Hair-Raising Adventure
01/09/05
The Straits Times URBAN By: Lee Sze Yong
Balding men get a Thai high in Bangkok where hair transplants are going for a song. Lee Sze Yong reports.
All he wanted was to get rid of his glasses. Instead, he got back his hair.
Victor Loh was researching Lasik surgery in Thailand when he found out that clinics there offered hair transplant procedures as well.
The 25-year-old senior technician started suffering from premature balding when he was 18. His hair at the forehead and crown thinned out so much, there was only a thin tuft left. He had tried Minoxidil lotion and Propecia pills, both clinically proven hair restorers, but as a polytechnic student then, had to stop because they were too expensive.
When he learned in February this year that he could get hair transplants of 2,000 grafts done in Bangkok for only S$7,120 with accommodation thrown in, he was thrilled. Most patients get between 1,000 and 2,000 grafts for their bald patches. Severe cases may need more than one transplant. The fact that he could pay by monthly instalments over 2 years was the deal clincher.
Without even informing his family, he left for the Thai capital, spending three days sightseeing and a day in surgery.
It’s been six months since, but Loh is stilled buoyed by his self-confidence restored the day he got back his hair.
“I looked like I was in my late 30s when I was 21. Now I look younger,” he says. “Even my female friends have taken notice.”
What has also caught the eye of many is the cost of such treatments in Thailand.
A hair transplant procedure there typically costs about $3,000 to $8,000, depending on the number of grafts done. Charges in Singapore range from S$4,000 to S$12,000.
Because of this, medical tour agencies expect demand to grow.
Health Aesthetics, for one, offers a package in Bangkok, where he has a tie-up with an American-trained surgeon.
Dr Chow U-Jin, founder of Health Aesthetics, says it has had more than 50 hair transplant enquiries over the past six months, mostly from men aged between 25 to 40 years. A year ago, it received fewer than 10 calls.
To date, six patients have gone to Bangkok. He says there would have been more, but appointments with the Thai doctor are filled tilled this November.

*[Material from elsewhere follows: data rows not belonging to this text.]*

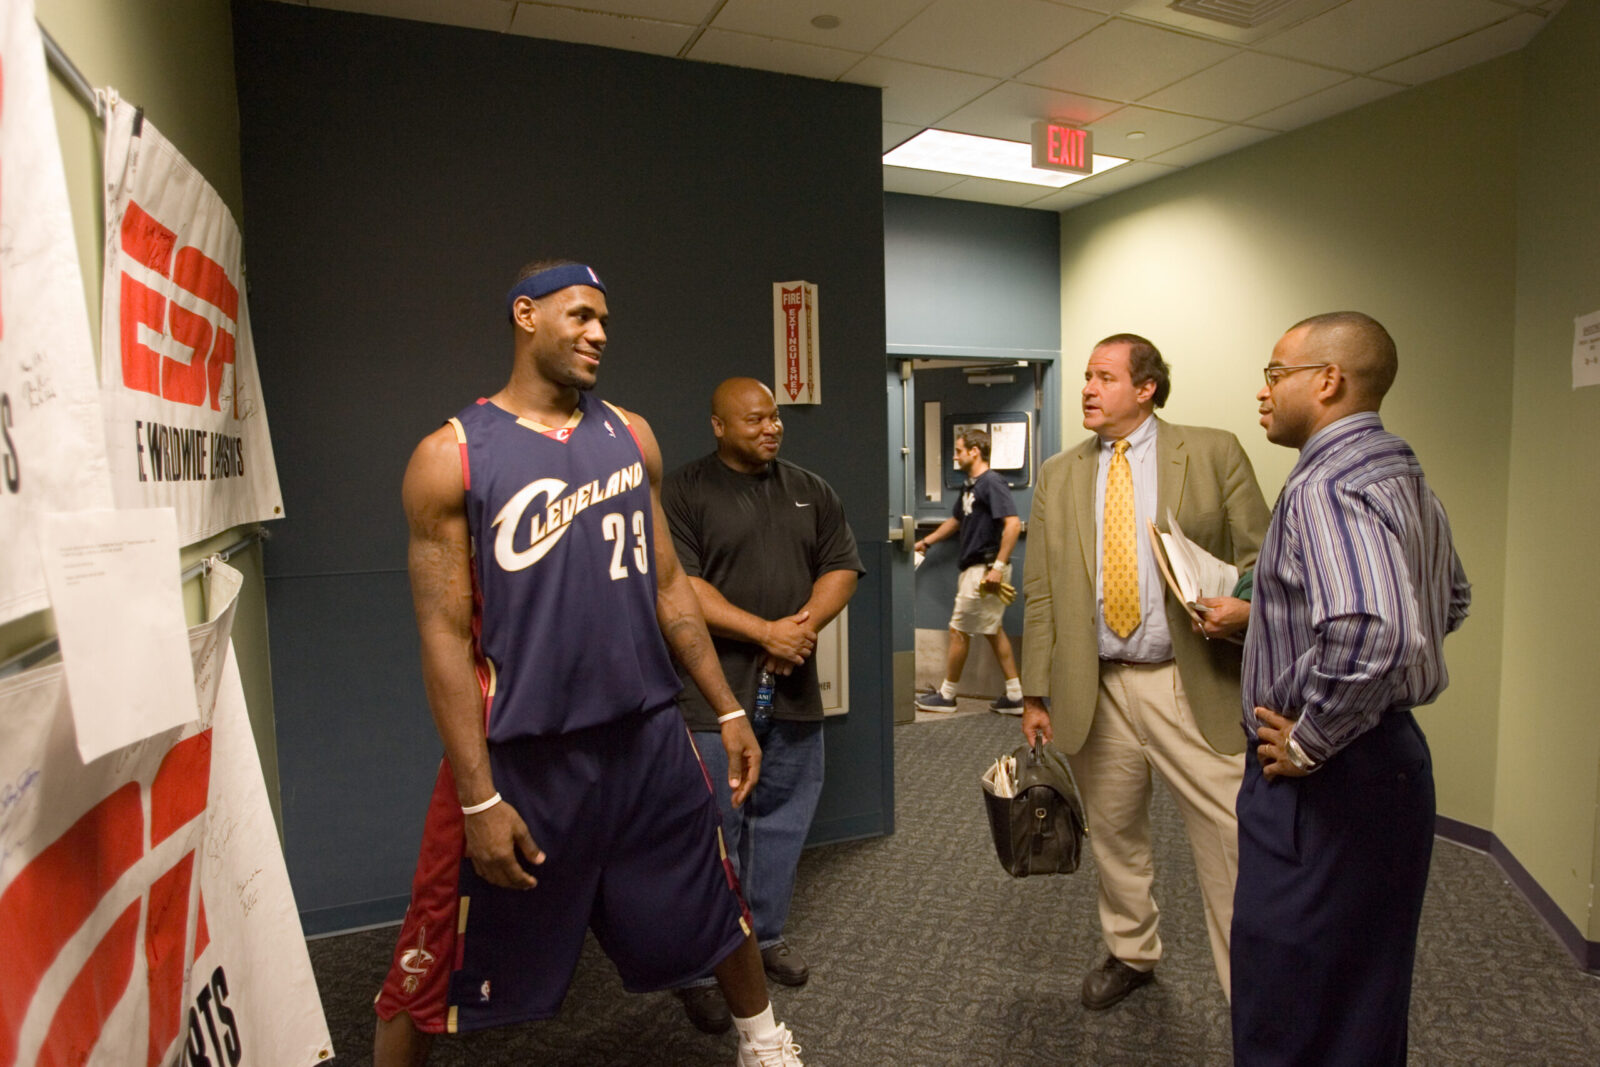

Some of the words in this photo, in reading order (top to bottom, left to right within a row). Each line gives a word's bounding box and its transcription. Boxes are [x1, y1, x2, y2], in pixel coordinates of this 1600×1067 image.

[1047, 124, 1087, 169] EXIT
[783, 293, 801, 305] FIRE
[788, 308, 798, 396] EXTINGUISHER
[491, 461, 644, 572] CLEVELAND
[601, 510, 649, 581] 23
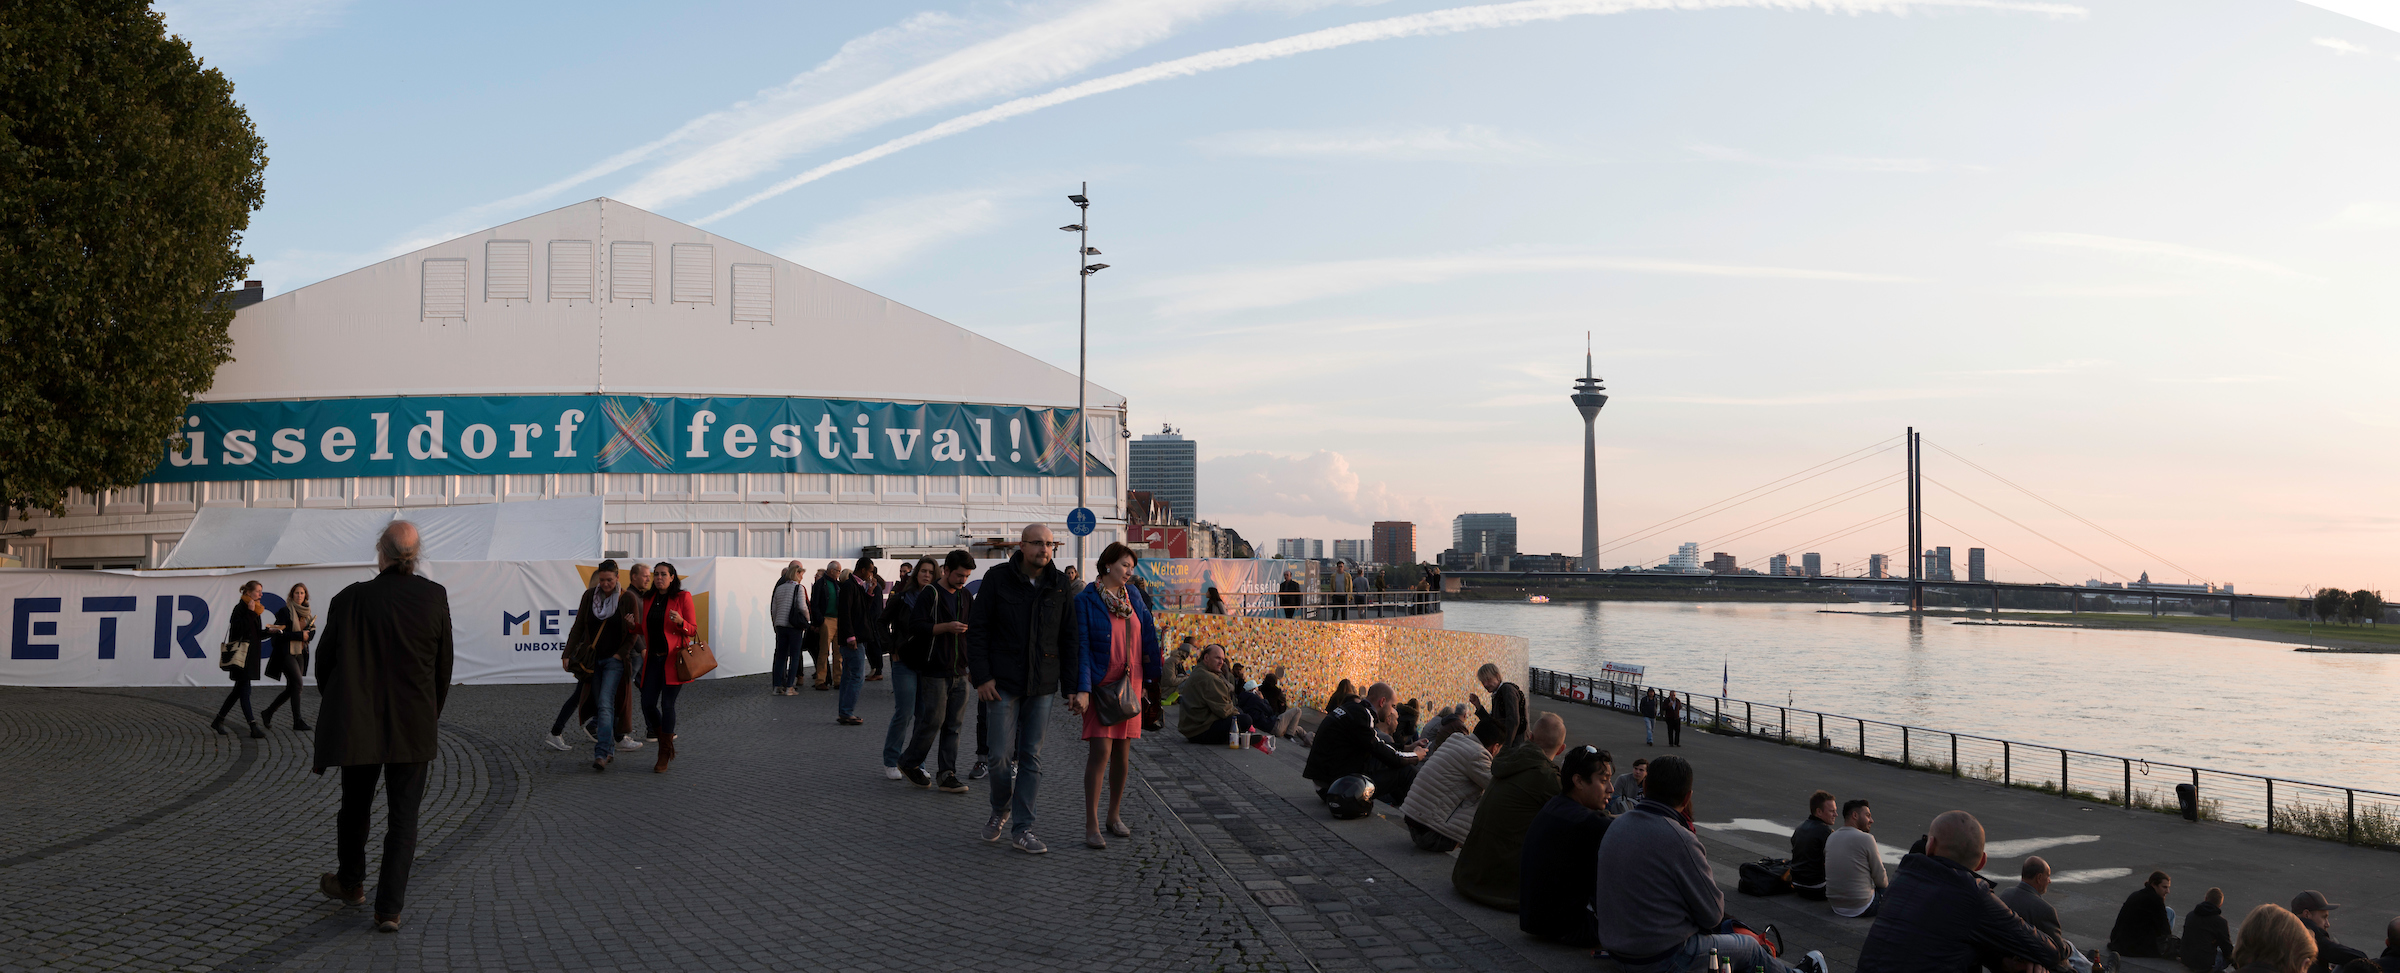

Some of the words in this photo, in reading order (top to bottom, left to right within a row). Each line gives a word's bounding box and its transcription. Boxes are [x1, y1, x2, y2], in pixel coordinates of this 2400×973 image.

“These people usually do not have a severe balding problem, but to them, the procedure is more for prevention then cure,” he adds.
Though there are no statistics on the demand for hair transplants, about one million foreign patients are reported by the Bangkok Post to have sought medical services in Thailand.
Dr Monique Goh, managing director of Meditour, says anonymity is a selling point for Singaporeans.
She explains:”It is a face thing. Baldness can be an embarrassing issue. Most of our clients do not want others to know they have gone for hair transplants, so they go overseas to have the procedure done.”
In hair transplants, doctors take small strips of hair from the back and sides of the head and then trim them into grafts – before planting them individually into the bald patches.
The effect is natural and permanent. But because the amount of hair available for “harvest” is limited, the procedure cannot be used to treat large areas of baldness. Also, the surgery will leave a scar on the back of the scalp, so people may have to opt instead for longer coiffures. The surgery is done under local anaesthesia and can be completed within three to eight hours, depending on the number of grafts done.
According to the tour agencies, patients spend at least three days in Thailand: sightseeing on one day, surgery on the second and post-procedural checks on the third.
Meditour offers eight-day tour packages to Pattaya starting at S$3,547. The client spends the first two days on his surgery, and goes sightseeing after that. He then sees the doctor at the end of the week for a review before returning to Singapore.
At Health Aesthetics, a three-day package costs between S$5,000 to S$7,000.